Jakarta, Indonesiawatch.id – Debat calon Gubernur Aceh pada 19 November 2024, yang berakhir ricuh, nampaknya menjadi sangat menarik untuk dicermati, terkait adanya statement Cagub Bustami Hamzah pada sesi debat yang mengatakan “kubu cagub no 2 tidak sekolah”.
Tentu saja pernyataan Bustami, menuai reaksi keras dari berbagai kalangan di Aceh, dengan menuding Bustami tidak memiliki etika moral dan ucapannya sangat bernuansa ujaran kebencian.
Aceh dengan kultur keislaman yang amat kuat, mempengaruhi perilaku masyarakatnya, dalam berinteraksi social. Tentunya perkataan Cagub no 1 Bustami Hamzah patut disayangkan oleh berbagai kalangan.
Karena sangat kontradiksi dengan kaidah moral yang dianut masyarakat serta tidak mencerminkan kapasitas sebagai seorang pejabat pemerintahan daerah. Narasi yang dipilih Bustami, dengan kata kunci “tidak sekolah”, ditujukan kepada cagub Mualem, tentunya bukan semata-mata dipengaruhi oleh kepanikan Bustami, tetapi memiliki agenda membangun stigma negatif terhadap Mualem.

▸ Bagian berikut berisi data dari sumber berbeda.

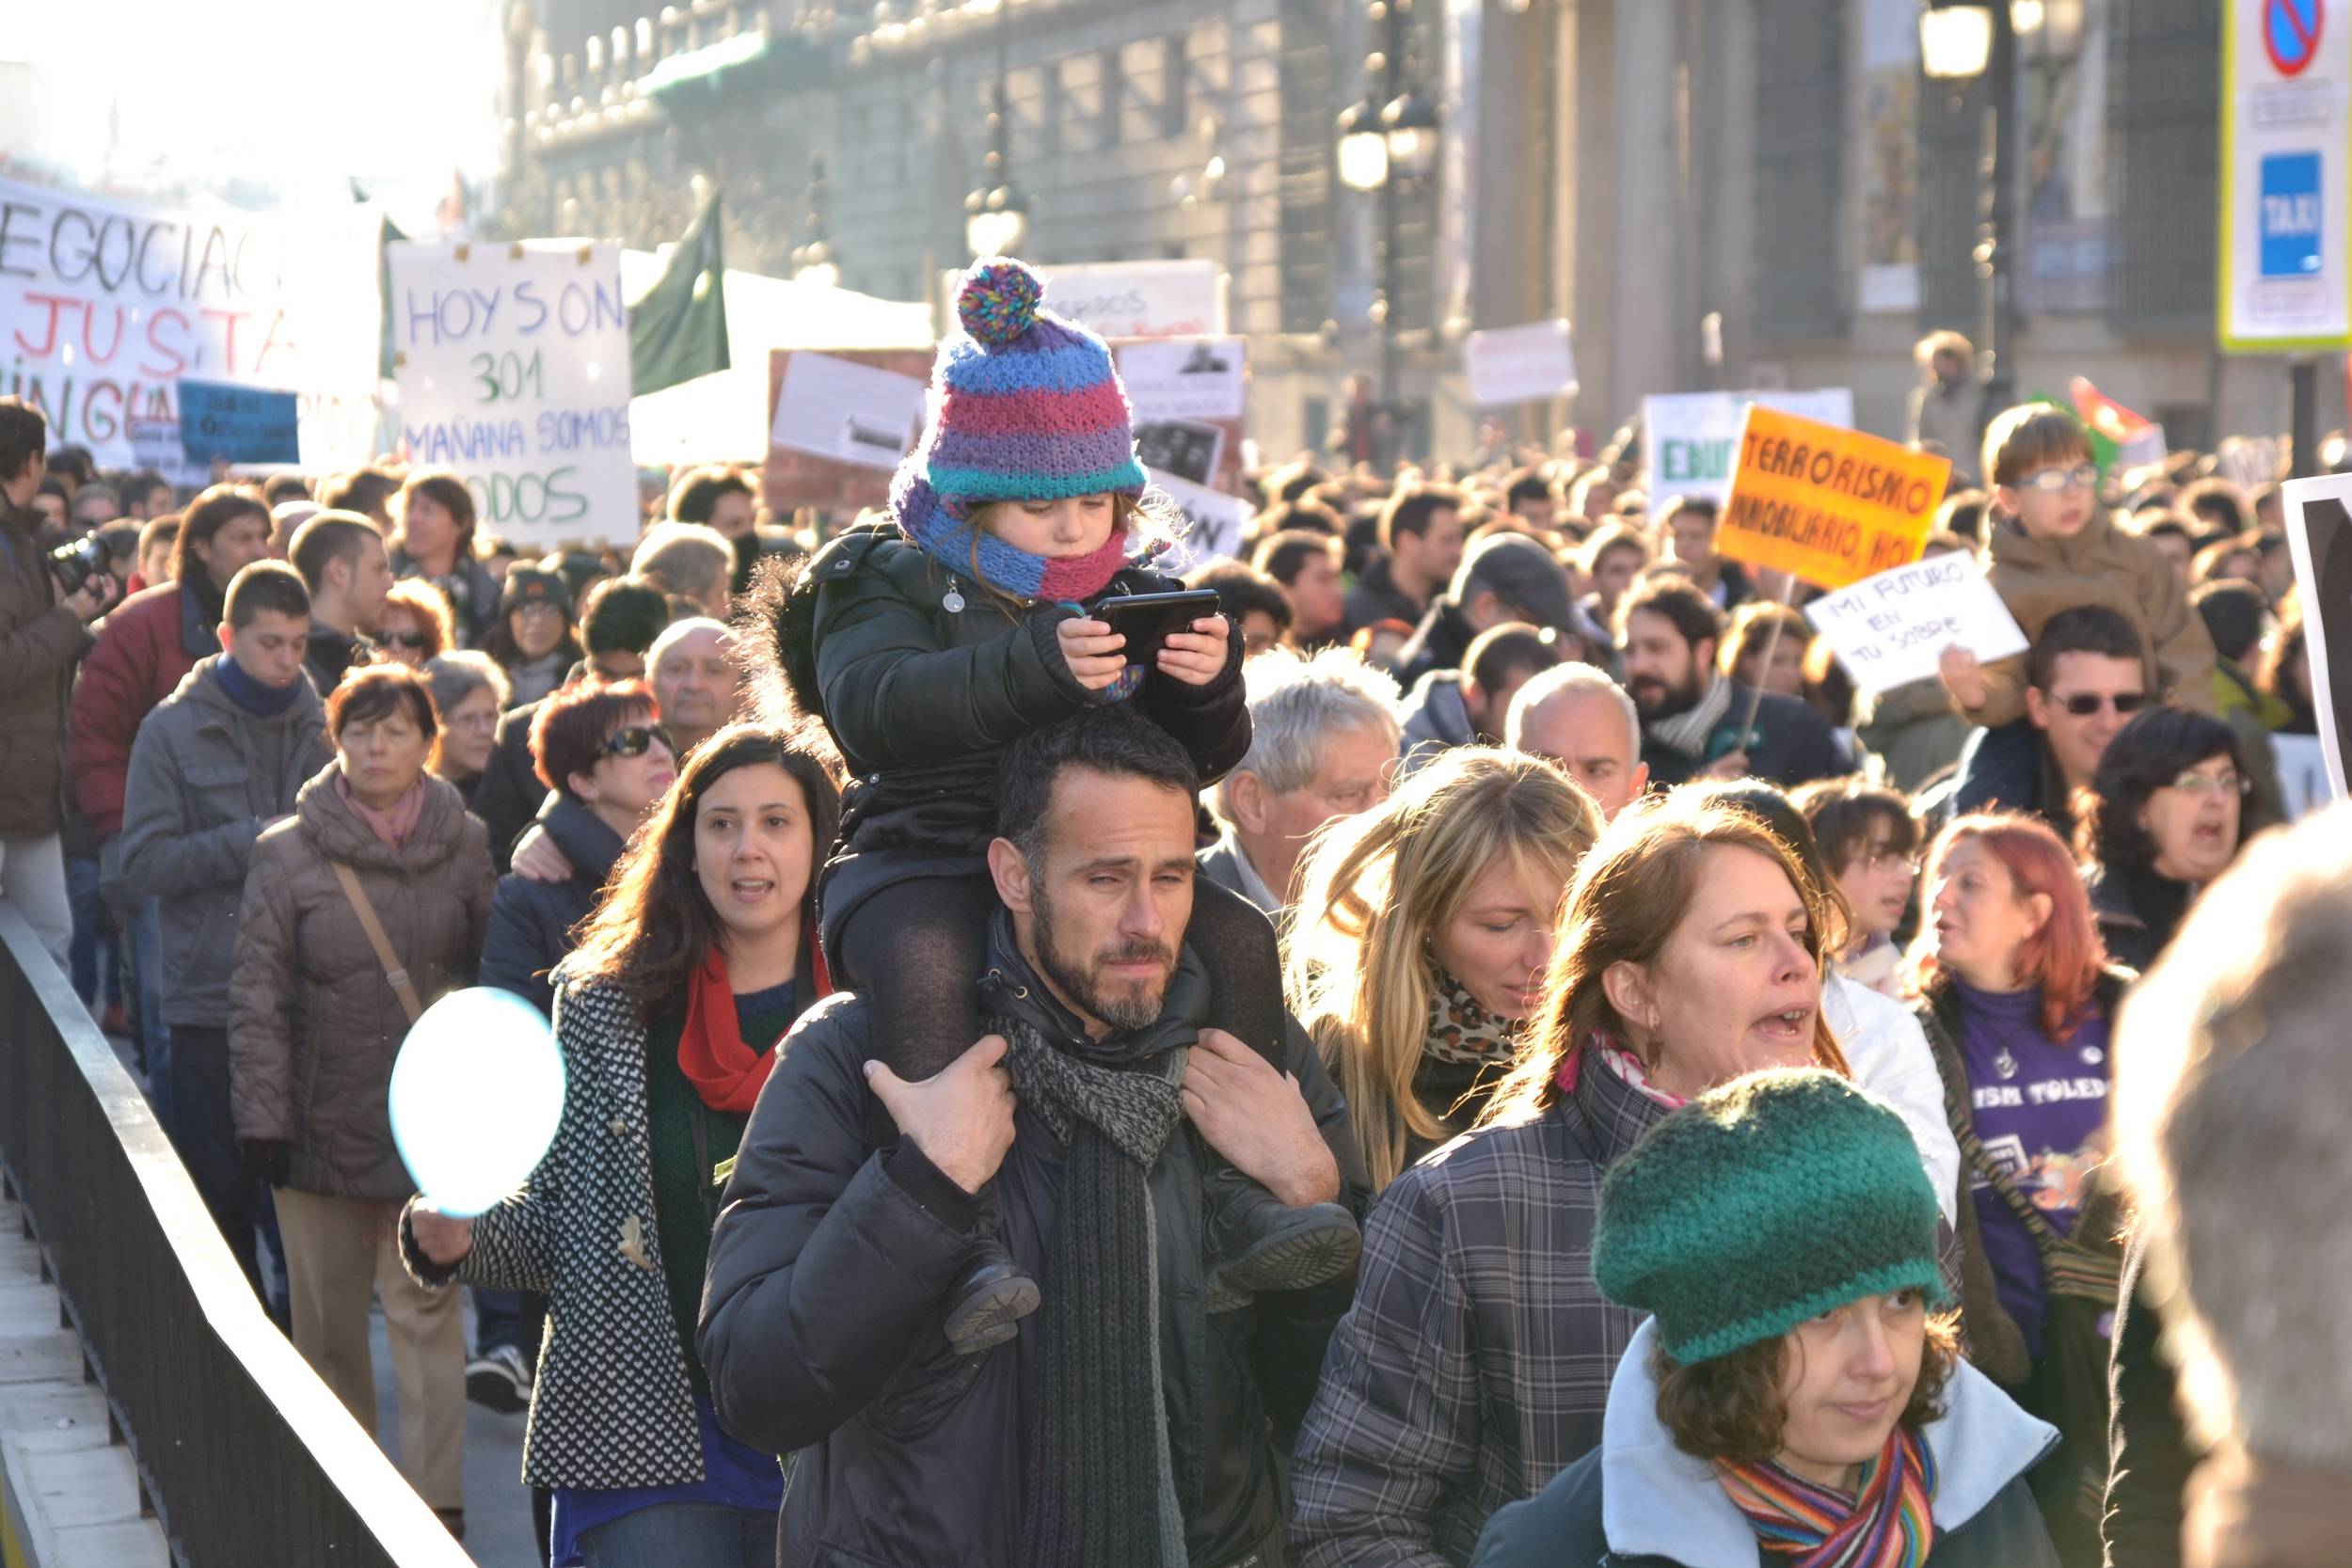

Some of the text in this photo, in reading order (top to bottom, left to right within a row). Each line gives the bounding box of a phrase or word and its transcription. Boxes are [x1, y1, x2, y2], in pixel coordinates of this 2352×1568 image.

Sosok Mualem yang kerap mendapat tudingan, sebagai tokoh masyarakat yang low educated, tetapi realitanya tidak dapat dipungkiri, Mualem dinyatakan memenuhi syarat oleh KIP Aceh, untuk mengikuti kontestasi Pemilihan Gubernur Aceh.
Di sisi lain Mualem adalah sosok yang memiliki andil besar untuk mewujudkan perdamaian di Aceh. Sementara tidak sedikit tokoh Aceh yang mengklaim memiliki background pendidikan tinggi, tapi tidak mampu menjaga harkat martabatnya, nasibnya harus berakhir di penjara, karena kasus korupsi dan penyalahgunaan wewenang.

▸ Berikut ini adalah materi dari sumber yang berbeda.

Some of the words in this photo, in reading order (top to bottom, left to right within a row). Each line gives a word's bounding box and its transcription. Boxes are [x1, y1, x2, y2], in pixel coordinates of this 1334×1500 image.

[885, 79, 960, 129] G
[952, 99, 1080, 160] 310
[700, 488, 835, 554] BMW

Oleh sebab itu klaim seseorang mengenyam sekolah tinggi, hanya sebagai bukti mereka pernah mengikuti pendidikan, tapi tidak dapat dijadikan bukti bahwa mereka telah gunakan otaknya untuk berpikir.
Pernyataan Bustami di forum resmi debat calon Gubernur Aceh 2024, dengan narasi yang mengandung ujaran pelecehan, terhadap lawan politiknya Cagub Mualem, menunjukan kedangkalan Bustami dalam memahami nilai moral, sebagai tuntunan utama dalam menjalankan tugas, sebagai pimpinan daerah.
Tentunya bagi pemilih di Aceh, prilaku sosial dan moral para calon Gubernur Aceh, seyogianya harus ditempatkan sebagai skala prioritas, dalam menentukan pilihan politik pada 27 Nopember 2024 nanti.